Images for object localization
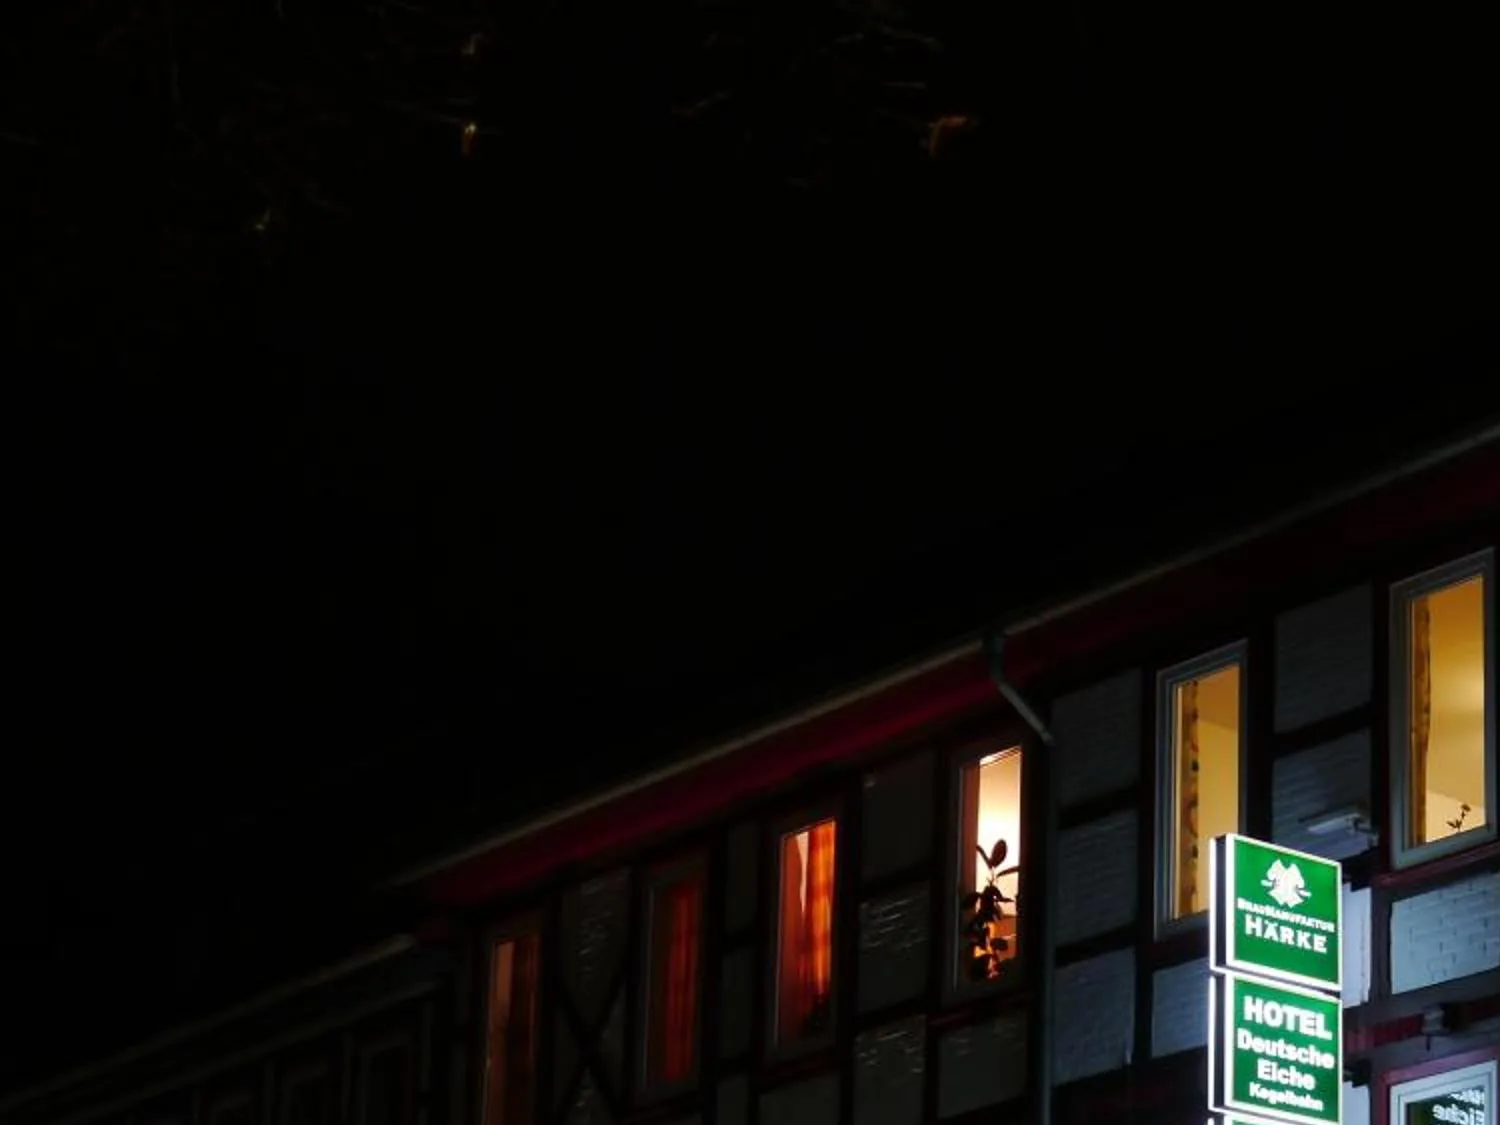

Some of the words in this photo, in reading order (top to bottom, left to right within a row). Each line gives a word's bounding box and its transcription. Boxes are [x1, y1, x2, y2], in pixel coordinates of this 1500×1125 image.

[1245, 914, 1327, 953] HÄRKE
[1244, 996, 1332, 1040] HOTEL
[1237, 1028, 1335, 1069] Deutsche
[1257, 1059, 1316, 1090] Eiche
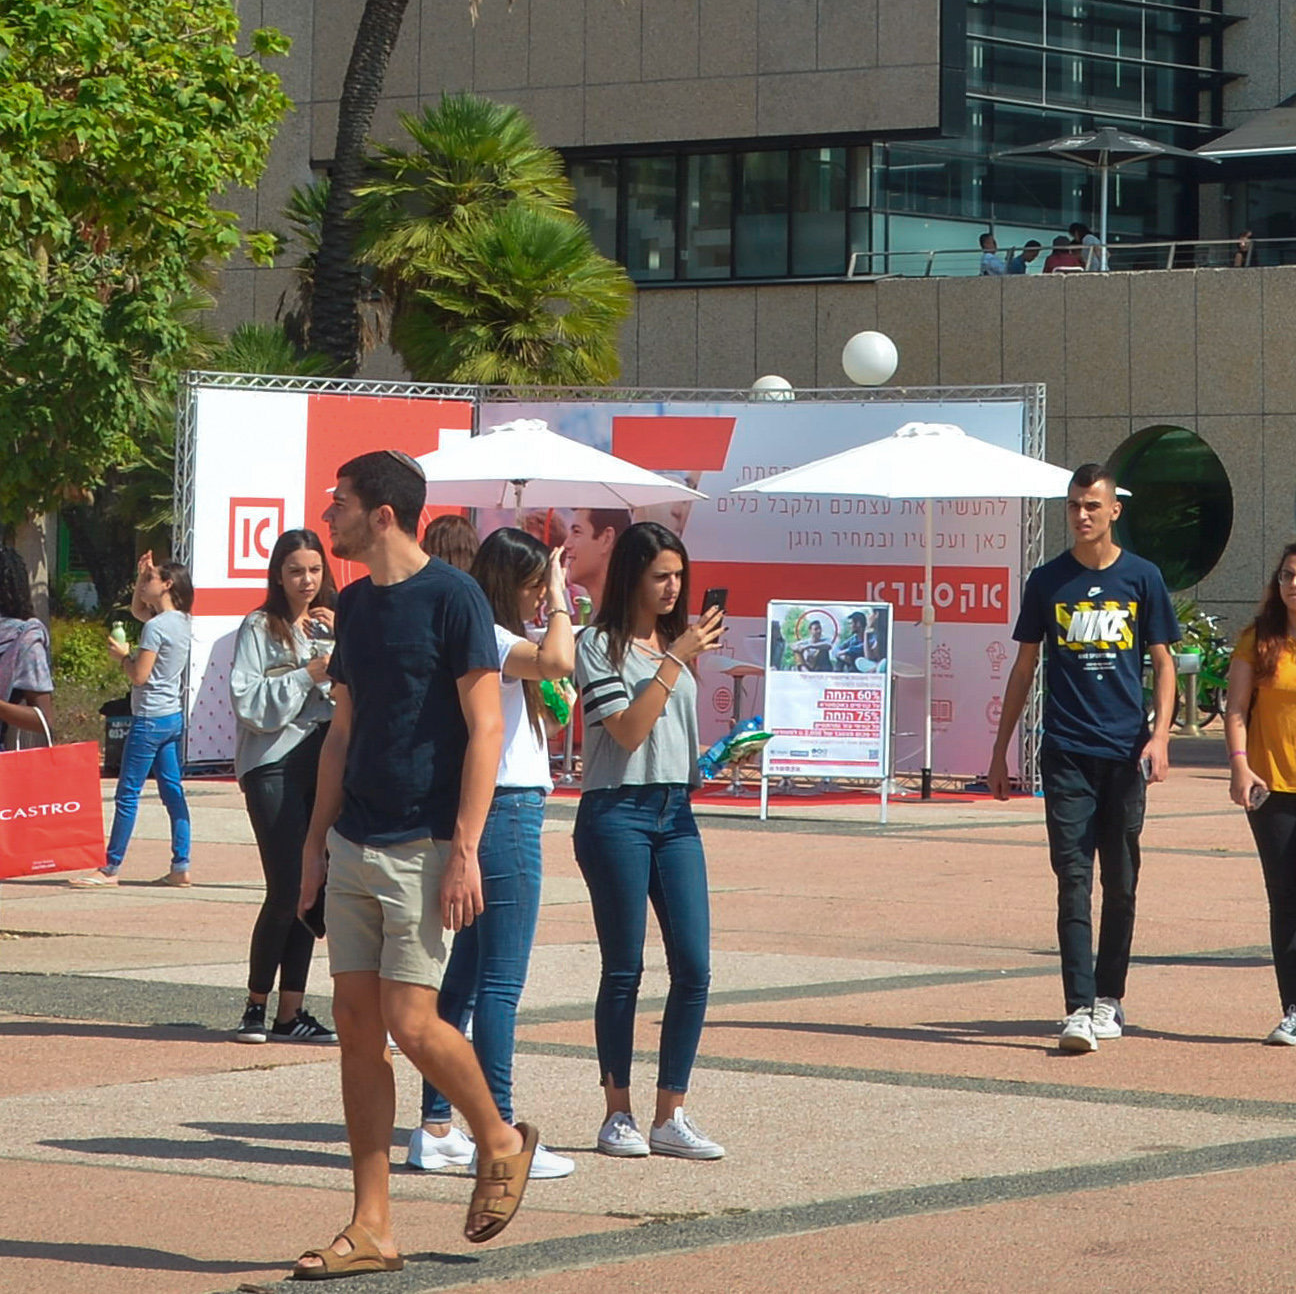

* [YOUR TASK]
Reproduce each entry exactly, without the pictures.

* [TASK RESULT]
Some of the words in this photo, in reading order (top to bottom, left to right within a row). Each line gives a word's bounding box and its transcription. Boxes are [x1, y1, x2, y2], in pixel coordinates of this 1500×1125 image.

[1245, 914, 1327, 953] HÄRKE
[1244, 996, 1332, 1040] HOTEL
[1237, 1028, 1335, 1069] Deutsche
[1257, 1059, 1316, 1090] Eiche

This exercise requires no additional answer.